On y découvre que les femmes, tout en étant considérées comme un public à part, jouent un rôle déterminant pour certaines questions concernant la structure même de la salle (le débat sur les gradins et les loges et sur leur présence au parterre) ou plus simplement à propos de la couleur. Le bleu, couleur dominante des salles du XVIIIe siècle, est celle qui met en valeur la beauté des femmes. Les femmes jouent aussi le jeu de la séduction et le poussent parfois jusqu'au libertinage. Femmes objets, diraient certaines aujourd'hui, femmes «ornements de la salle» comme on disait à l'époque, mais pas seulement. La présence des femmes contribue à la fois au plaisir de la salle et à son unanimité. La femme est ornement et animatrice de la vie sociale. Elle conquiert sa place dans la salle des Lumières.

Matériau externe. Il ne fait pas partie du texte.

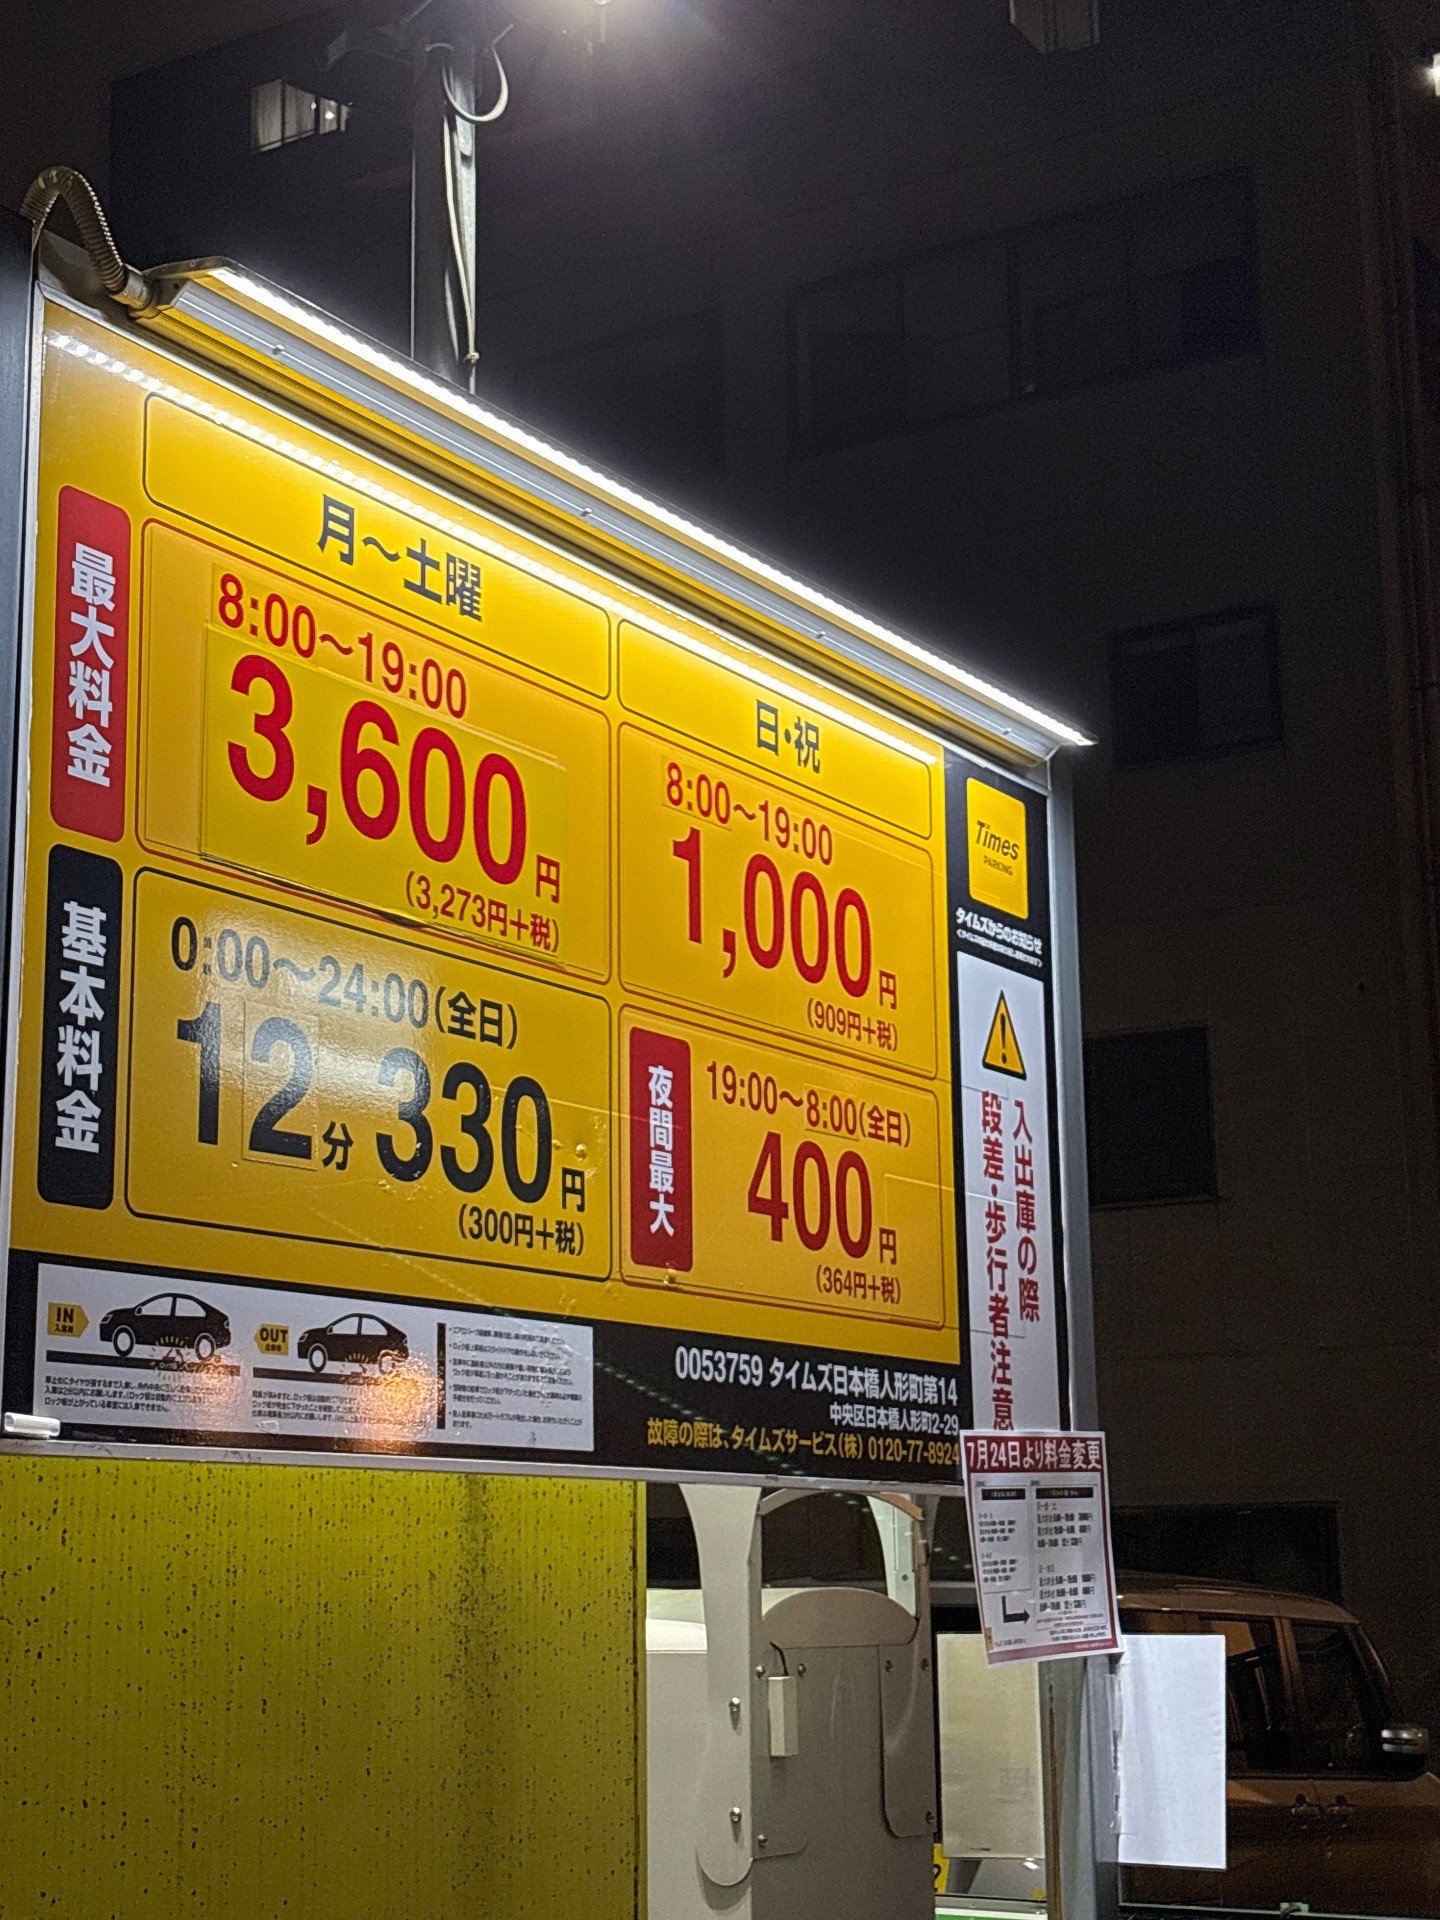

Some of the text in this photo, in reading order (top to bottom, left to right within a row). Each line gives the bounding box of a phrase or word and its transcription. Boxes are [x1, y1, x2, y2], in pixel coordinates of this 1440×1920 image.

Présentation de l'éditeur :
Au cours de la seconde moitié du XVIIIe siècle, la France réinvente le Théâtre. La scène devient alors un espace autonome : il n'y a plus de spectateurs sur la scène, plus de places debout au parterre ! La scène s'ouvre au regard. L'éclairage, la place des acteurs : tout va changer.
Tous les hommes de lettres, architectes, journalistes, de Voltaire à Ledoux, de Marmontel à Boullée, discutent et accompagnent ces transformations qui font les salles de théâtre telles que nous les connaissons aujourd'hui. Ce sont tous ces débats où se mêlent idéal des Lumières, comportement mondain, misogynie que fait revivre Michèle Sajous D'Oria. Le bleu et l'or, longtemps réservés à la monarchie et à l'Église, deviennent les signes d'une dignité nouvelle des salles de spectacle.
Une centaine de théâtres ont été construits entre 1748 et 1807, date à laquelle Napoléon reprend en main les spectacles. Michèle Sajous sait faire revivre pour nous par l'anecdote et l'image cette période d'intense activité et de profonds renouvellements.
Michèle Sajous D'Oria est professeur à l'Université de Bari (Italie). Elle a édité Nicodème dans la lune, ou la Révolution pacifique de Beffroy de Reigny (1982), et est devenue l'une des spécialistes de l'histoire des salles de spectacles en France.